Segment Start: Record set

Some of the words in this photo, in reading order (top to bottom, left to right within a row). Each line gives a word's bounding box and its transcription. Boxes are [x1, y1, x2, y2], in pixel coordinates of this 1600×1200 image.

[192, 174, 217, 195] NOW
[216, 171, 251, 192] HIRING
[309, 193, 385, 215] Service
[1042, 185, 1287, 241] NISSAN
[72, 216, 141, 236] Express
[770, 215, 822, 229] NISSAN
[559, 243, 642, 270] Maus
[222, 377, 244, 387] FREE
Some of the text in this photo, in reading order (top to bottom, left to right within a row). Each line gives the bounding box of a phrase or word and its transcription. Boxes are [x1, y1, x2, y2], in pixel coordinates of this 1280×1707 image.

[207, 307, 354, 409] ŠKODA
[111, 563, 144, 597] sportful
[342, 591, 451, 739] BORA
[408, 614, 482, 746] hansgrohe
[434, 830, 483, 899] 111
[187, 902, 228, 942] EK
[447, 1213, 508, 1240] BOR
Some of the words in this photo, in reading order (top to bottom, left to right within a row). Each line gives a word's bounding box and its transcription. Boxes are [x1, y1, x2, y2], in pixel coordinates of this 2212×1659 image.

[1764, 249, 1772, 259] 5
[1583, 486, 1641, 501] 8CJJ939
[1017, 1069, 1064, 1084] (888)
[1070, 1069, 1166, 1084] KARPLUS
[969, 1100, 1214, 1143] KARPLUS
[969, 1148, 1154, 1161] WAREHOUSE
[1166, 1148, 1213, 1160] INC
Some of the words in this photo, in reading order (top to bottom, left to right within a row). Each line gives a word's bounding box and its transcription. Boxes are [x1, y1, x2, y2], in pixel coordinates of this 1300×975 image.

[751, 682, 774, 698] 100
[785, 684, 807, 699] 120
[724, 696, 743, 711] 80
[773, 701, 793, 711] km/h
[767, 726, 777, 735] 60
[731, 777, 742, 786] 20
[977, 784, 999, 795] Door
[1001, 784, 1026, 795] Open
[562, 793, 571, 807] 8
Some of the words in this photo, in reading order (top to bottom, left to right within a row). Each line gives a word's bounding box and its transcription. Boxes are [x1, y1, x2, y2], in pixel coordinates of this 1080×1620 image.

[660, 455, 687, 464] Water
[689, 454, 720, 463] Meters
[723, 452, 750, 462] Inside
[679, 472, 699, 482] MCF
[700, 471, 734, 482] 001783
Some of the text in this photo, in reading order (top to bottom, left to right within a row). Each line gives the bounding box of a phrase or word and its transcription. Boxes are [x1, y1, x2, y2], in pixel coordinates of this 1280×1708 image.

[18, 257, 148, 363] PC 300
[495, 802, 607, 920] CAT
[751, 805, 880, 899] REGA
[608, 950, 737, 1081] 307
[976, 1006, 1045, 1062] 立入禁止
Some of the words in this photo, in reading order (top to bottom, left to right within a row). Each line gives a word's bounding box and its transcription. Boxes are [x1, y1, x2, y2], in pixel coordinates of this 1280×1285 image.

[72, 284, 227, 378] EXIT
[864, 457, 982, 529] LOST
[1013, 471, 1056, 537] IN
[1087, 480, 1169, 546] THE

Segment End: Record set

Exercise details:
Copy out the records above exactly.

Task solution:
Some of the words in this photo, in reading order (top to bottom, left to right within a row). Each line gives a word's bounding box and its transcription. Boxes are [x1, y1, x2, y2], in pixel coordinates of this 1600×1200 image.

[192, 174, 217, 195] NOW
[216, 171, 251, 192] HIRING
[309, 193, 385, 215] Service
[1042, 185, 1287, 241] NISSAN
[72, 216, 141, 236] Express
[770, 215, 822, 229] NISSAN
[559, 243, 642, 270] Maus
[222, 377, 244, 387] FREE
Some of the text in this photo, in reading order (top to bottom, left to right within a row). Each line gives the bounding box of a phrase or word and its transcription. Boxes are [x1, y1, x2, y2], in pixel coordinates of this 1280×1707 image.

[207, 307, 354, 409] ŠKODA
[111, 563, 144, 597] sportful
[342, 591, 451, 739] BORA
[408, 614, 482, 746] hansgrohe
[434, 830, 483, 899] 111
[187, 902, 228, 942] EK
[447, 1213, 508, 1240] BOR
Some of the words in this photo, in reading order (top to bottom, left to right within a row). Each line gives a word's bounding box and its transcription. Boxes are [x1, y1, x2, y2], in pixel coordinates of this 2212×1659 image.

[1764, 249, 1772, 259] 5
[1583, 486, 1641, 501] 8CJJ939
[1017, 1069, 1064, 1084] (888)
[1070, 1069, 1166, 1084] KARPLUS
[969, 1100, 1214, 1143] KARPLUS
[969, 1148, 1154, 1161] WAREHOUSE
[1166, 1148, 1213, 1160] INC
Some of the words in this photo, in reading order (top to bottom, left to right within a row). Each line gives a word's bounding box and its transcription. Boxes are [x1, y1, x2, y2], in pixel coordinates of this 1300×975 image.

[751, 682, 774, 698] 100
[785, 684, 807, 699] 120
[724, 696, 743, 711] 80
[773, 701, 793, 711] km/h
[767, 726, 777, 735] 60
[731, 777, 742, 786] 20
[977, 784, 999, 795] Door
[1001, 784, 1026, 795] Open
[562, 793, 571, 807] 8
Some of the words in this photo, in reading order (top to bottom, left to right within a row). Each line gives a word's bounding box and its transcription. Boxes are [x1, y1, x2, y2], in pixel coordinates of this 1080×1620 image.

[660, 455, 687, 464] Water
[689, 454, 720, 463] Meters
[723, 452, 750, 462] Inside
[679, 472, 699, 482] MCF
[700, 471, 734, 482] 001783
Some of the text in this photo, in reading order (top to bottom, left to right within a row). Each line gives the bounding box of a phrase or word and its transcription. Boxes are [x1, y1, x2, y2], in pixel coordinates of this 1280×1708 image.

[18, 257, 148, 363] PC 300
[495, 802, 607, 920] CAT
[751, 805, 880, 899] REGA
[608, 950, 737, 1081] 307
[976, 1006, 1045, 1062] 立入禁止
Some of the words in this photo, in reading order (top to bottom, left to right within a row). Each line gives a word's bounding box and its transcription. Boxes are [x1, y1, x2, y2], in pixel coordinates of this 1280×1285 image.

[72, 284, 227, 378] EXIT
[864, 457, 982, 529] LOST
[1013, 471, 1056, 537] IN
[1087, 480, 1169, 546] THE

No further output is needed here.